CN113705223A

CN113705223A - Personalized English text simplification method taking reader as center

Info

Publication number: CN113705223A
Application number: CN202111025610.3A
Authority: CN
Inventors: 强继朋; 张峰; 李云
Original assignee: Yangzhou University
Current assignee: Yangzhou University
Priority date: 2021-09-02
Filing date: 2021-09-02
Publication date: 2021-11-26

Abstract

The invention discloses a personalized English text simplification method taking readers as centers, which comprises the following steps of 1, setting the simplification grade of the current simplification method according to the English grade currently possessed by the readers, and acquiring a word bank corresponding to the grade; step 2, performing clause processing on the text read by the reader to obtain a clause set; and 3, simplifying each sentence in the sentence set from front to back in sequence by adopting a sentence and word simplification method, acquiring a simplified sentence set, and returning the simplified sentence set to a reader. The invention fully utilizes the pre-training language model and the dictionary library, meets the requirement of different readers on English text simplification, and simultaneously improves the accuracy of English text simplification.

Description

Personalized English text simplification method taking reader as center

Technical Field

The invention relates to the field of English text simplification, in particular to a personalized English text simplification method taking readers as centers.

Background

In recent years, with the development of the internet, a large amount of english text appears in the public sight. For example, many professional papers downloaded in english journals are selected by many people to read the papers directly, rather than translating the papers into their native languages first and then reading the papers. For these texts, if the texts contain a large amount of rare and uncommon words, the understanding of the reader on the meaning of the text contents is severely restricted. Research proves that if 90% of English words in the text are in the cognitive range of the reader, even if the text is long and complex, the content meaning of the text can be easily understood by the reader.

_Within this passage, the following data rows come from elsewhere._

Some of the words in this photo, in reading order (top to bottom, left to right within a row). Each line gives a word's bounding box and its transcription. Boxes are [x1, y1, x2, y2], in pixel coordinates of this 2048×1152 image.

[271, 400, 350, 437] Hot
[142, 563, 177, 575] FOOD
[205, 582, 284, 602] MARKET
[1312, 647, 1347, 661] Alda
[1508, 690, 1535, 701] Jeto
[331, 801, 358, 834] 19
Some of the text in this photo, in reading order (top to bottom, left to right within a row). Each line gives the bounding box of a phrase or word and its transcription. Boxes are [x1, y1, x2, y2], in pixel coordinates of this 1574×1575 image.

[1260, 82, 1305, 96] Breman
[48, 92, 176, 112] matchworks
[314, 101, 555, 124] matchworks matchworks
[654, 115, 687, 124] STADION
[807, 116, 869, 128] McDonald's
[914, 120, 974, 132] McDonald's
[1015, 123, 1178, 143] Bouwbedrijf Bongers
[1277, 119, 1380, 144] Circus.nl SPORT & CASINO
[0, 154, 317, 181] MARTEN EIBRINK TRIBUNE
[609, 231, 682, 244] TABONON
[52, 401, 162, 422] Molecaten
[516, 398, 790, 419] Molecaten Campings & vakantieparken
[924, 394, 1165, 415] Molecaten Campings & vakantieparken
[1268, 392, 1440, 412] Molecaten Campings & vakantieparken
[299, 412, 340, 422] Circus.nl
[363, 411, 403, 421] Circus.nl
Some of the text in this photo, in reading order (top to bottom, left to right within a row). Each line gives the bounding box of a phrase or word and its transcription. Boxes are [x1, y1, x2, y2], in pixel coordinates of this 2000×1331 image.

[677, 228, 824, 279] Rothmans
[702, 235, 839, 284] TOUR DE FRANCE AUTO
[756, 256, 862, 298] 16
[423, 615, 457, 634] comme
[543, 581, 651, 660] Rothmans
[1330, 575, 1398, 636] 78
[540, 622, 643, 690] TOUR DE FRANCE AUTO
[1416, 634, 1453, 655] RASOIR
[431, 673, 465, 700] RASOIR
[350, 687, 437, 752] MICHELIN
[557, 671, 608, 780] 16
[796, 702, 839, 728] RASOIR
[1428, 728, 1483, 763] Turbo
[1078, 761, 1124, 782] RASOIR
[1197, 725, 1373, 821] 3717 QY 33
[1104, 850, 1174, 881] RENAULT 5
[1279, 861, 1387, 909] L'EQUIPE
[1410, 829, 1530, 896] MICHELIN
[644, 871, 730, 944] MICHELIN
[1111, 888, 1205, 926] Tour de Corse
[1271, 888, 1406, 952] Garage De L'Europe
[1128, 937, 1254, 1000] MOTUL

English text simplification aims to simplify words or syntax in the text, so that a reader can read and understand the meaning of the text and simultaneously retain original text information to the maximum extent. For a given piece of input text, the text reduction system replacing complex words in the text with simple words requires two conditions to be met: 1) the output text should preserve the meaning of the input as much as possible; 2) outputting text should minimize the number of complex words (words that the reader cannot understand). These two conditions can create a conflict, and to reduce the complexity of the text, the system can select the simplest candidate surrogate. However, when the simplest candidate alternative word is selected, the original semantics of the text cannot be guaranteed. The existing text simplification algorithm does not consider the cognitive level of readers, blindly sets some vocabularies with relatively low word frequency as complex vocabularies, and replaces the complex vocabularies with similar word senses, thereby achieving the text simplification effect and increasing the risk of the difference between the simplified text meaning and the original text meaning.

Disclosure of Invention

The invention aims to overcome the defects of the prior art and provide a personalized English text simplification method taking a reader as the center.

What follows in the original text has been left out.